La indignación creció después de que usuarios señalaran que ciertos edificios y circuitos supuestamente vinculados a funcionarios o zonas priorizadas no sufren los mismos apagones que el resto de la población. La frase que más circuló entre los habaneros resumió el malestar: mientras unos barrios están completamente a oscuras, otros mantienen corriente.
La Empresa Eléctrica de La Habana reconoció afectaciones por emergencia y dificultades para restablecer el servicio, en medio de un déficit nacional de generación que vuelve a golpear con fuerza a la capital. La situación se agrava por la salida de unidades termoeléctricas, la falta de combustible y el deterioro acumulado del sistema eléctrico.

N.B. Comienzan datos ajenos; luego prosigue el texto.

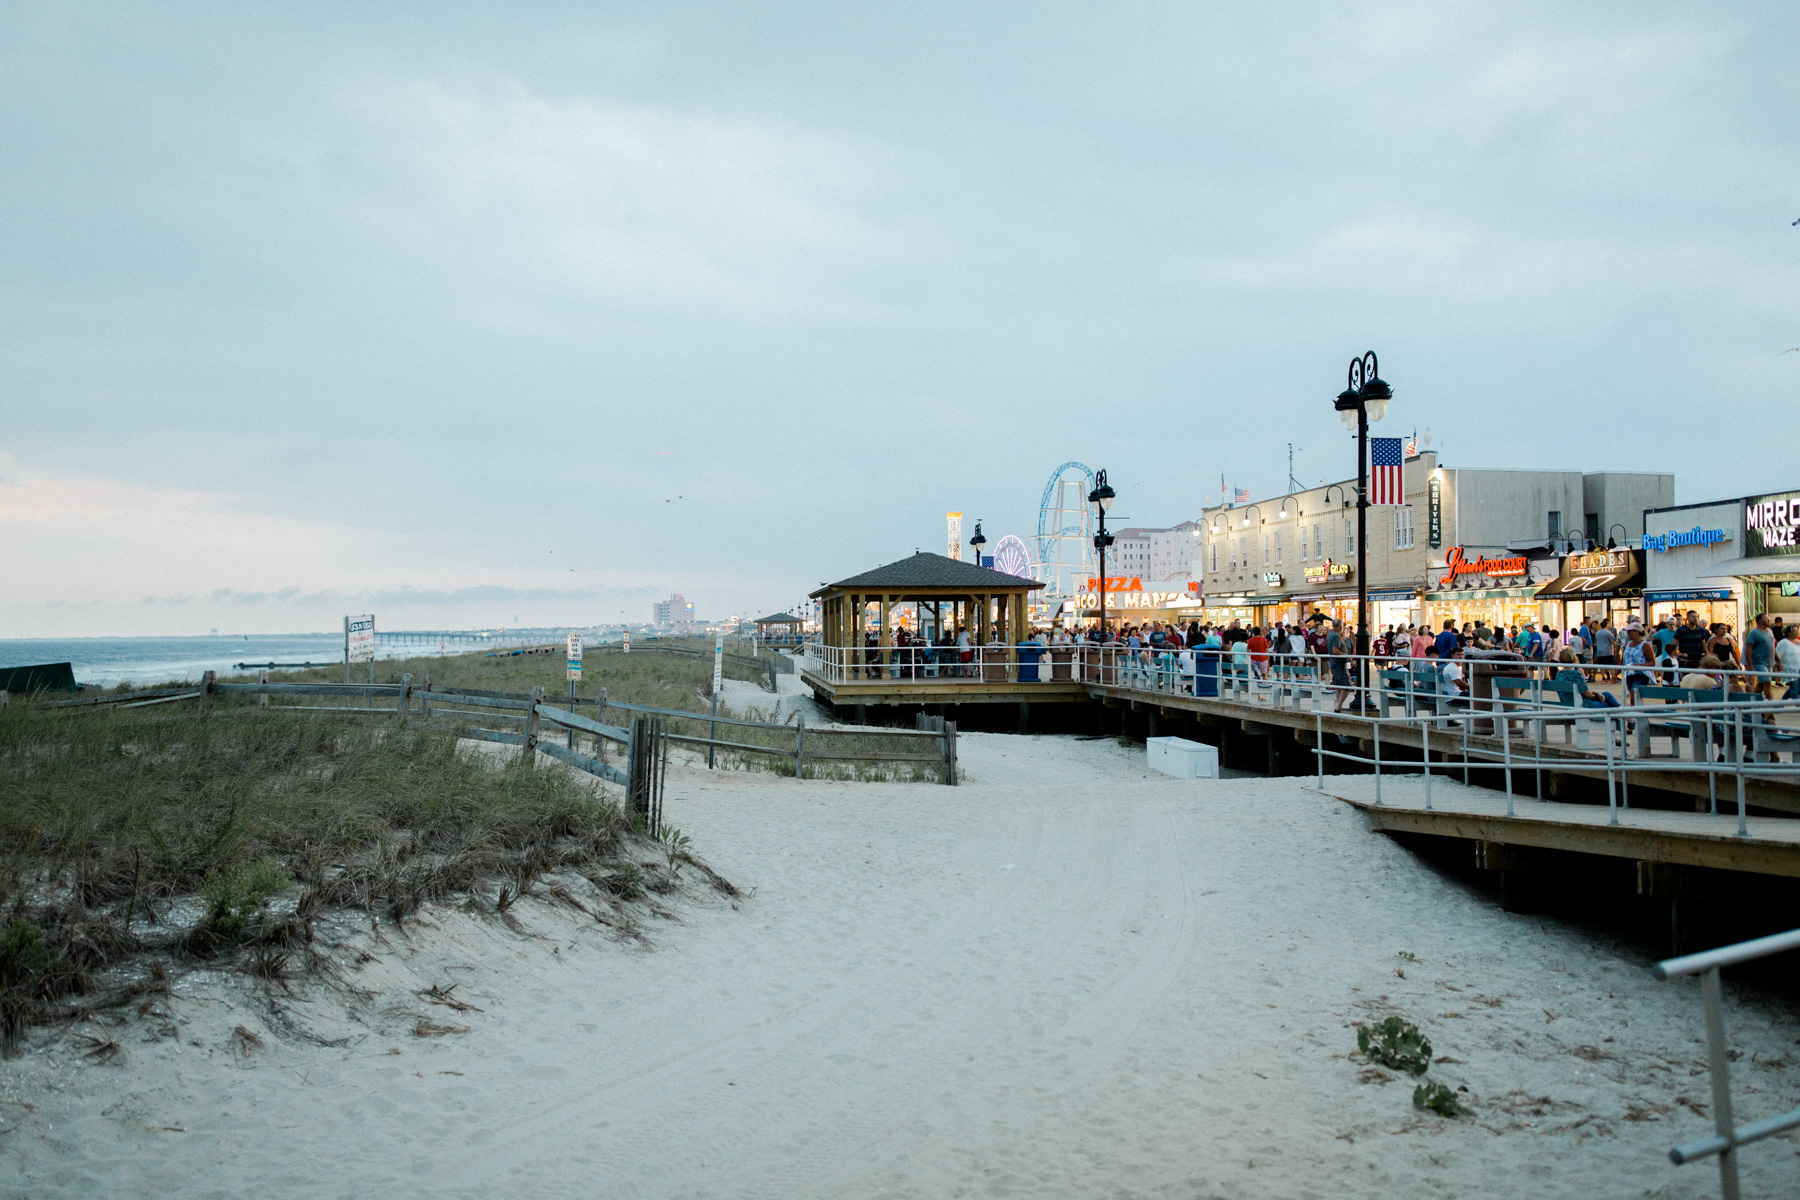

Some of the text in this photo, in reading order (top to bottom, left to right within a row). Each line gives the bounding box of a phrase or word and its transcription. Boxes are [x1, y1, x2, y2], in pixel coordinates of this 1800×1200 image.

Para muchas familias, el apagón ya no significa solamente quedarse sin luz. También implica no poder bombear agua, perder alimentos, dormir bajo calor intenso, cargar teléfonos con dificultad y reorganizar toda la vida doméstica alrededor de un servicio inestable.
La molestia ciudadana no se limita a la falta de electricidad. Lo que más enciende el ánimo es la percepción de desigualdad: barrios enteros apagados durante horas mientras otros sectores parecen quedar protegidos. En una ciudad agotada por la crisis, esa diferencia se siente como una burla.
El deterioro eléctrico se ha convertido en una de las señales más visibles del colapso cotidiano en Cuba. Cada apagón no solo apaga bombillos; también apaga confianza, paciencia y cualquier discurso oficial que intente presentar la crisis como algo temporal.